Tuesday, February 16, 2021

Rage - In Vain EP (1998)

The In Vain EP is part follow-up to the 1996 Lingua Mortis album, which featured the Germans playing alongside the Symphonic Orchestra Prague, and it features for my money a slightly better integration of the metal instruments and the sweeping bombast and dark overtures that come with that territory. There are actually three different editions of this one featuring three track-lists, starting with this "In Vain" orchestra version, and then usually a couple of live originals complemented by a cover tune. Personally I found this a bit foolish when you consider that you could have compressed them all down for a release that was under an hour, but I guess they were trying to push some sort of collectivity, and when you consider how prolific Rage had been through the 80s and 90s I guess such collectors might've existed.

At any rate, the vocals are still a bit disappointing here...he's better in the mix against the strings, drums and horns, but he still seems to strain a little with the longer notes, and he's doing it at higher registers here which can get a little awkward. The orchestra itself simmers, turning a lot of the subtleties of the metal originals into these harsher, Wagnerian swell-ups, and even in the calmer moments of "In Vain" itself it does sound quite lovely. Similar to Lingua Mortis, this has somewhat more of a live feeling to it and it's not your super polished studio attempt, but that actually gives it an organic feel that I quite liked. The live material on some of these EPs actually sounds half-decent, with the band having fun as it storms through "Higher than the Sky" and its cover of Metallica's "Motorbreath". That said, none of this is really a draw unto itself on such a short-form release.

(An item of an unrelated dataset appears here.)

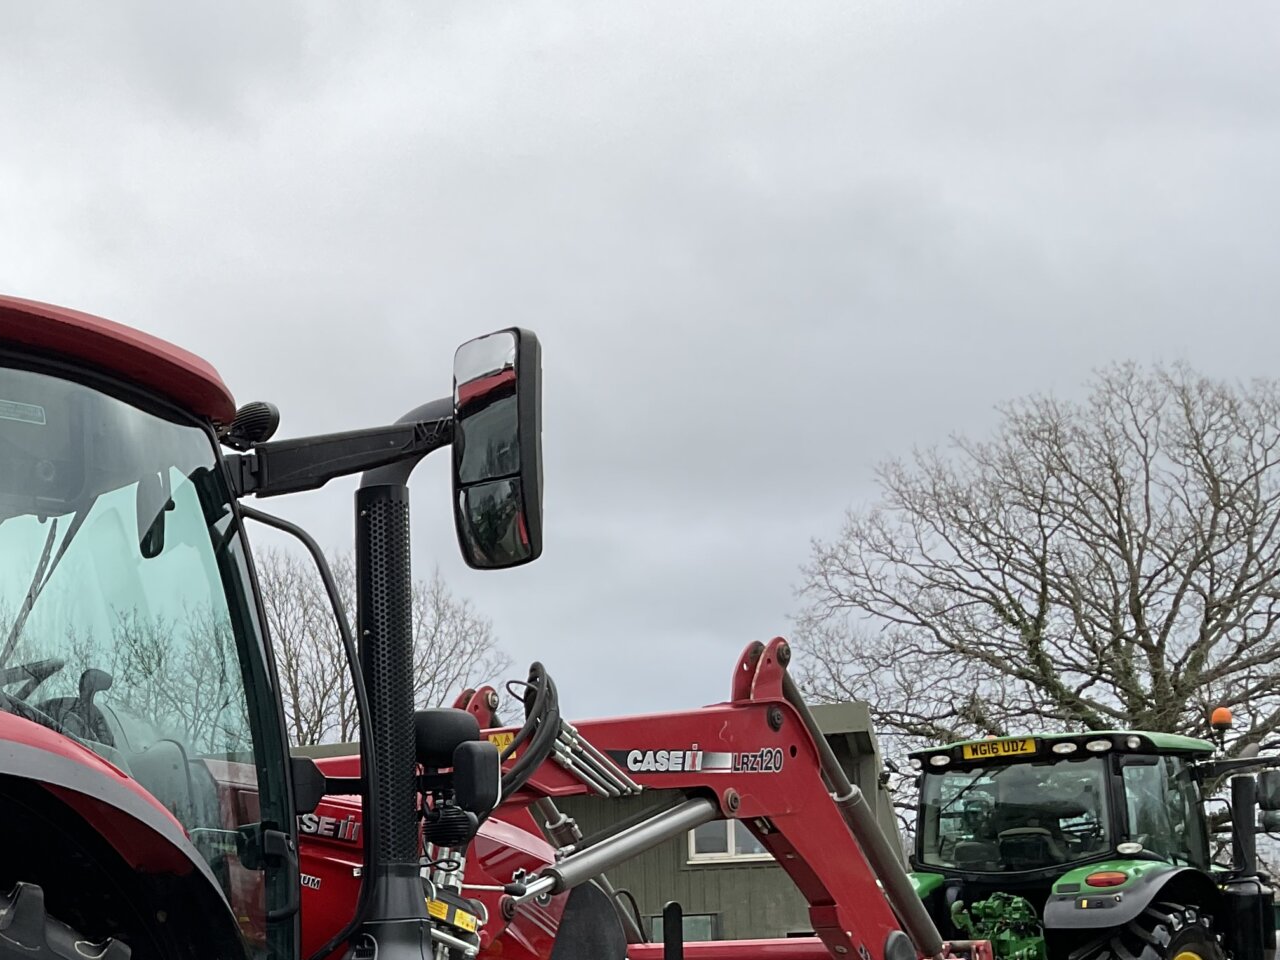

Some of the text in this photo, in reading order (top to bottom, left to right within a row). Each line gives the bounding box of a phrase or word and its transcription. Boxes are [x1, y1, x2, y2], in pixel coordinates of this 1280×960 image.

I didn't even care for some of the covers like the Stones' "Paint it, Black" which I'd just heard too many times by that point in the mid-90s to really care when it wasn't the original. Ultimately this entire idea and release were drivel...from the kind of dull picture of the wolf's face which is then filtered to a different color for the various versions of the EP, and the really limited content. If you just took this version of the title track, through on the rest of the live songs and covers into one recording, I'd still find it mediocre and there is little chance in hell I'd have paid to import all the copies. It seems like a lazy way to cop a couple bucks from the band's audience which were all far better spent on the Rage studio albums or much of the rest of the burgeoning European power/heavy metal scene of the 90s. Skip it.